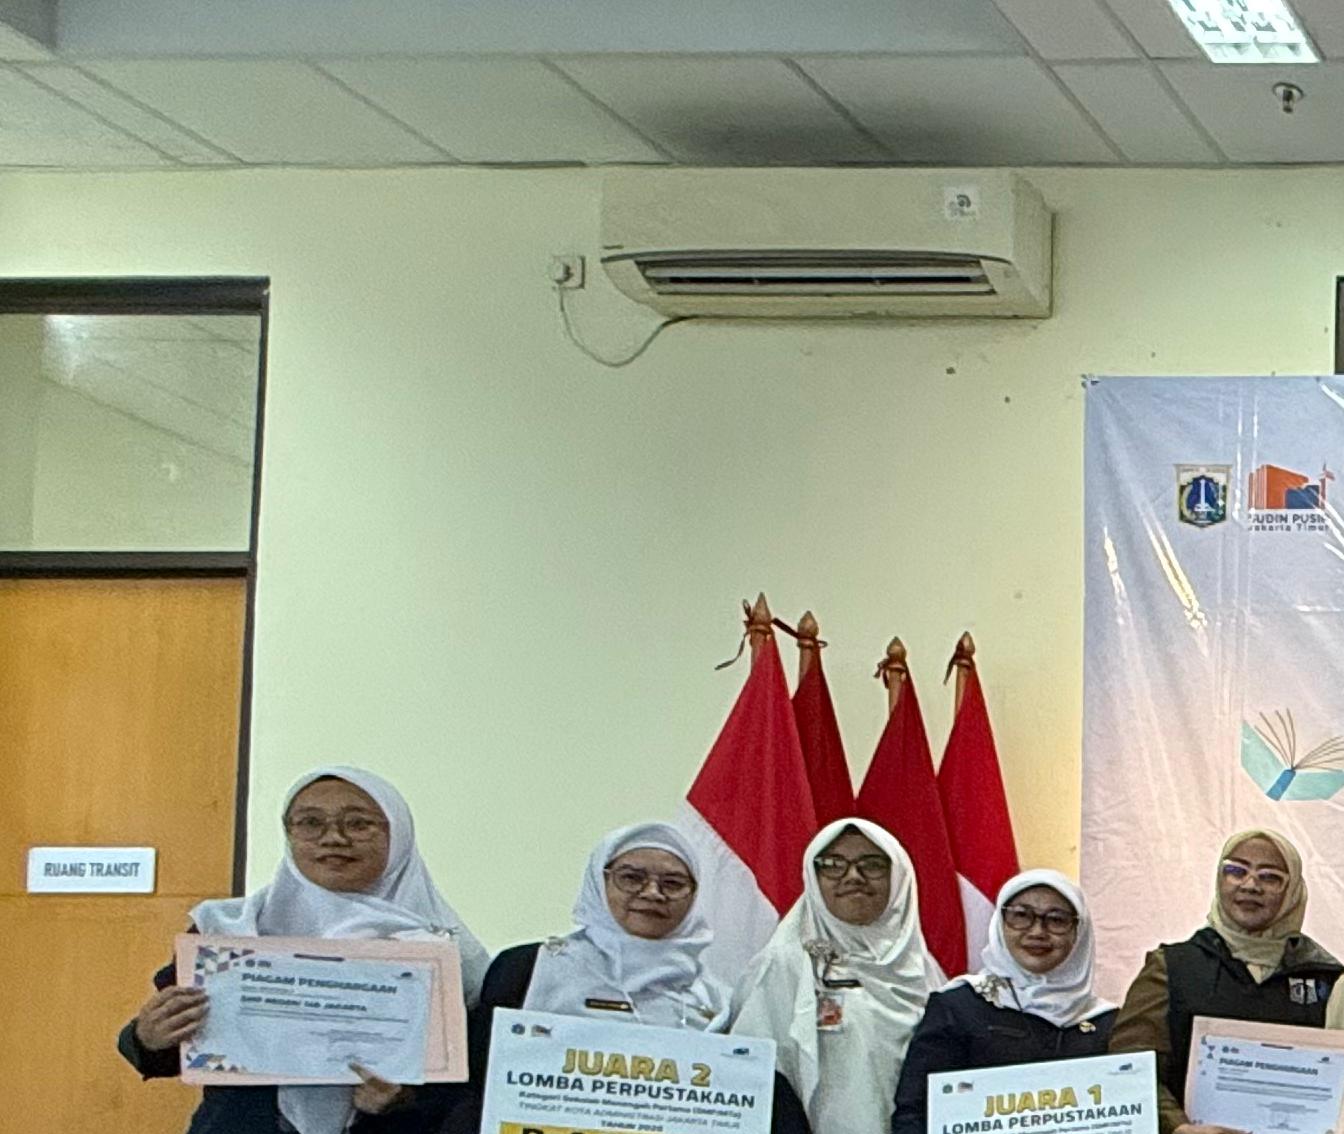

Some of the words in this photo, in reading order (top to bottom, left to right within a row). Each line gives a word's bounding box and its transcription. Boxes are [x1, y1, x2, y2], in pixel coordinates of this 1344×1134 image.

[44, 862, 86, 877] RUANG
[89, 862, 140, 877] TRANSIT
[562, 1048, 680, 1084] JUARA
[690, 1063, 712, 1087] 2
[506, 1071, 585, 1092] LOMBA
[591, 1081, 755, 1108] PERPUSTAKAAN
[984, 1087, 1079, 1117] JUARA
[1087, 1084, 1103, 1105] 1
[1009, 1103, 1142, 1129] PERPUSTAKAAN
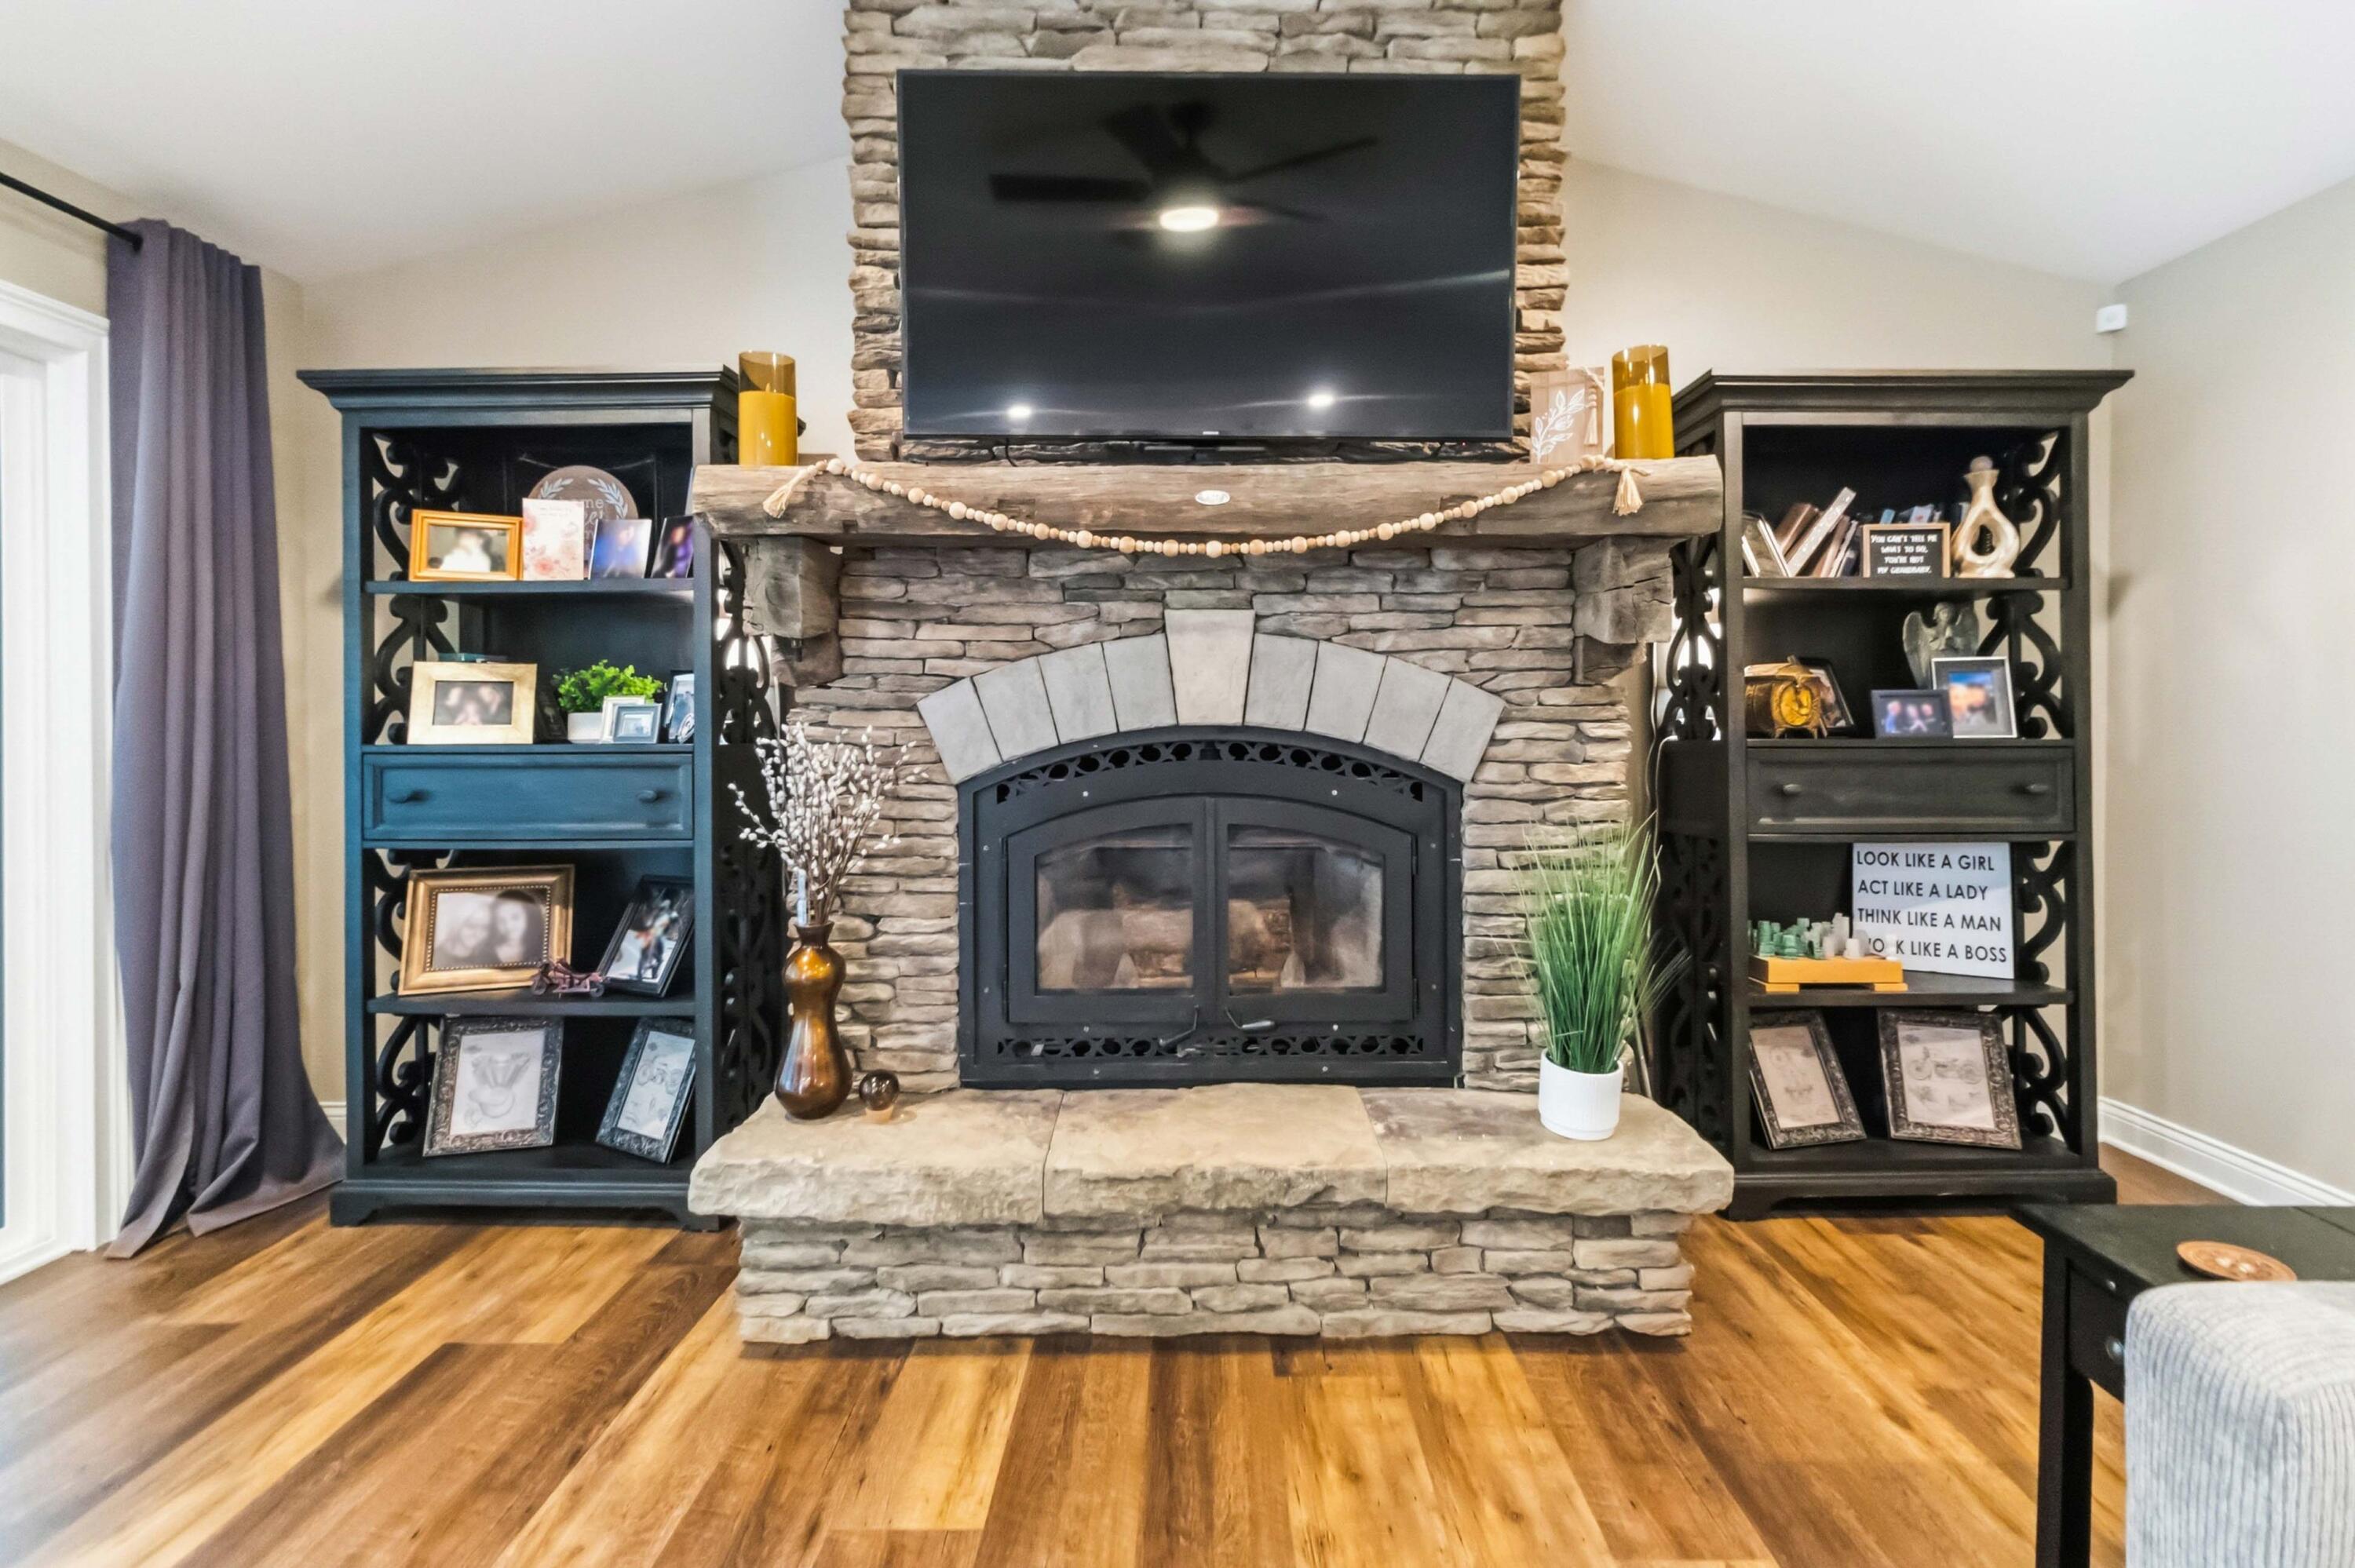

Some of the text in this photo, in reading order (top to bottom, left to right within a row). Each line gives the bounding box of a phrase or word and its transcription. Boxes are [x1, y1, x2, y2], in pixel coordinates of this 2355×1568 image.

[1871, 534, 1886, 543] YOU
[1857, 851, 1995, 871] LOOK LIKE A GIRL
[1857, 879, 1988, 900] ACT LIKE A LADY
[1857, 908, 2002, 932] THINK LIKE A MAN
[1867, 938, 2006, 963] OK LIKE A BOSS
§
◆ AIM OF THE TASK ◆
An exact copy of the lines from the one containing "Some of the text" through the end of the data above is the whole answer.

◆ TASK SOLUTION ◆
Some of the text in this photo, in reading order (top to bottom, left to right within a row). Each line gives the bounding box of a phrase or word and its transcription. Boxes are [x1, y1, x2, y2], in pixel coordinates of this 2355×1568 image.

[1871, 534, 1886, 543] YOU
[1857, 851, 1995, 871] LOOK LIKE A GIRL
[1857, 879, 1988, 900] ACT LIKE A LADY
[1857, 908, 2002, 932] THINK LIKE A MAN
[1867, 938, 2006, 963] OK LIKE A BOSS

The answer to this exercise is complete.